ACTION ITEM: Copy the listing verbatim, excluding any images found in it.

DATA PROVIDED:
▶

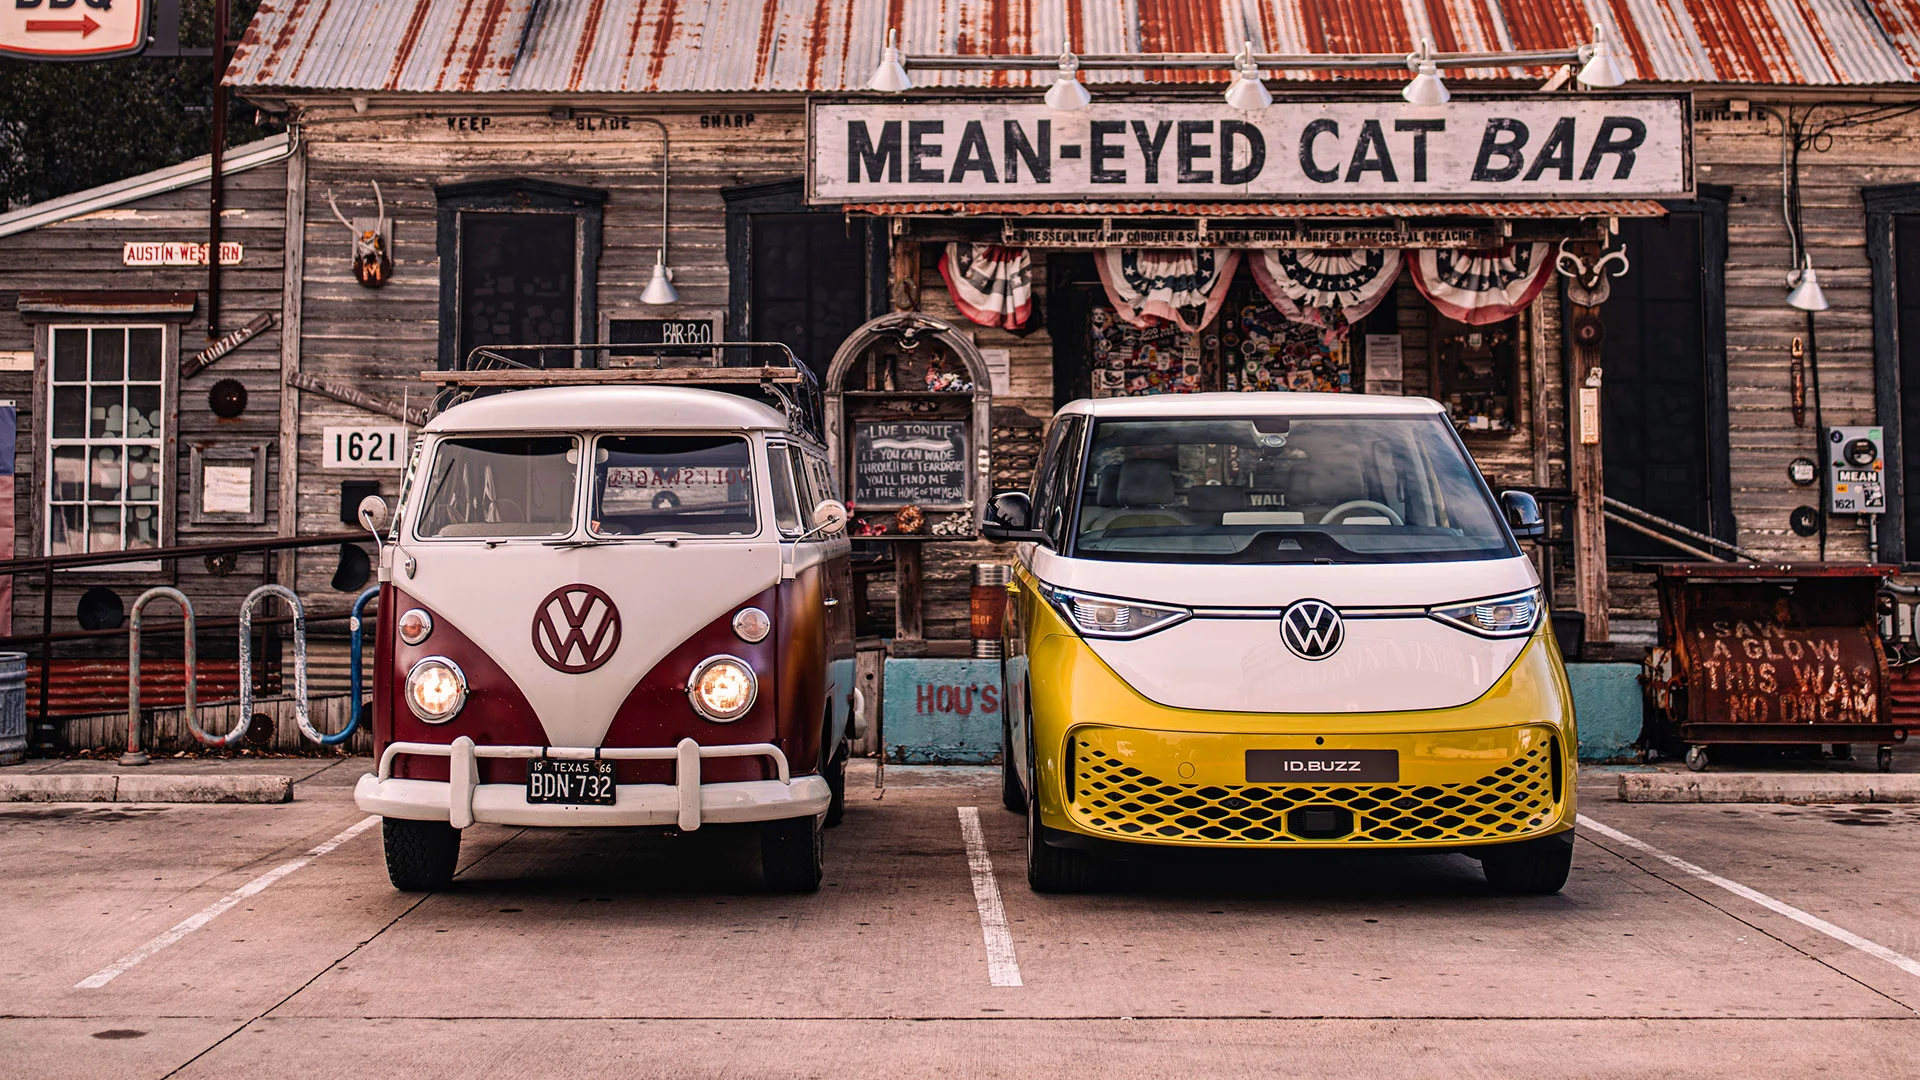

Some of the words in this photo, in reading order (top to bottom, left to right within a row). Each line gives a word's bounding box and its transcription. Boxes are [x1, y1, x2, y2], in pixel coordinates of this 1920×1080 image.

[447, 117, 491, 131] KEEP
[576, 116, 631, 131] BLADE
[700, 113, 755, 129] SHARP
[847, 119, 1266, 184] MEAN-EYED
[1300, 118, 1446, 183] CAT
[1470, 116, 1647, 182] BAR
[1071, 231, 1095, 242] LIKE
[1253, 231, 1296, 242] GUNMAN
[127, 246, 239, 261] AUSTIN-WESRN
[197, 326, 253, 366] KOOZIES
[870, 425, 898, 439] LIVE
[904, 425, 952, 440] TONITE
[336, 432, 395, 461] 1621
[880, 449, 899, 460] YOU
[901, 449, 922, 460] CAN
[925, 450, 956, 460] WADE
[859, 461, 899, 474] THROUGH
[900, 474, 926, 485] FIND
[928, 474, 948, 485] ME
[1839, 471, 1878, 482] MEAN
[857, 488, 870, 498] AT
[875, 488, 896, 498] THE
[898, 487, 920, 499] HOME
[1835, 499, 1856, 509] 1621
[1712, 620, 1786, 639] SAW
[1712, 639, 1732, 659] A
[1742, 638, 1839, 662] GLOW
[1703, 660, 1777, 693] THIS
[1792, 663, 1872, 695] WAS
[1726, 693, 1768, 723] NO
[534, 762, 543, 771] 19
[553, 762, 589, 773] TEXAS
[600, 763, 612, 773] 66
[1284, 761, 1361, 771] ID.BUZZ

◀

ANSWER TO THIS EXERCISE:
Some of the words in this photo, in reading order (top to bottom, left to right within a row). Each line gives a word's bounding box and its transcription. Boxes are [x1, y1, x2, y2], in pixel coordinates of this 1920×1080 image.

[447, 117, 491, 131] KEEP
[576, 116, 631, 131] BLADE
[700, 113, 755, 129] SHARP
[847, 119, 1266, 184] MEAN-EYED
[1300, 118, 1446, 183] CAT
[1470, 116, 1647, 182] BAR
[1071, 231, 1095, 242] LIKE
[1253, 231, 1296, 242] GUNMAN
[127, 246, 239, 261] AUSTIN-WESRN
[197, 326, 253, 366] KOOZIES
[870, 425, 898, 439] LIVE
[904, 425, 952, 440] TONITE
[336, 432, 395, 461] 1621
[880, 449, 899, 460] YOU
[901, 449, 922, 460] CAN
[925, 450, 956, 460] WADE
[859, 461, 899, 474] THROUGH
[900, 474, 926, 485] FIND
[928, 474, 948, 485] ME
[1839, 471, 1878, 482] MEAN
[857, 488, 870, 498] AT
[875, 488, 896, 498] THE
[898, 487, 920, 499] HOME
[1835, 499, 1856, 509] 1621
[1712, 620, 1786, 639] SAW
[1712, 639, 1732, 659] A
[1742, 638, 1839, 662] GLOW
[1703, 660, 1777, 693] THIS
[1792, 663, 1872, 695] WAS
[1726, 693, 1768, 723] NO
[534, 762, 543, 771] 19
[553, 762, 589, 773] TEXAS
[600, 763, 612, 773] 66
[1284, 761, 1361, 771] ID.BUZZ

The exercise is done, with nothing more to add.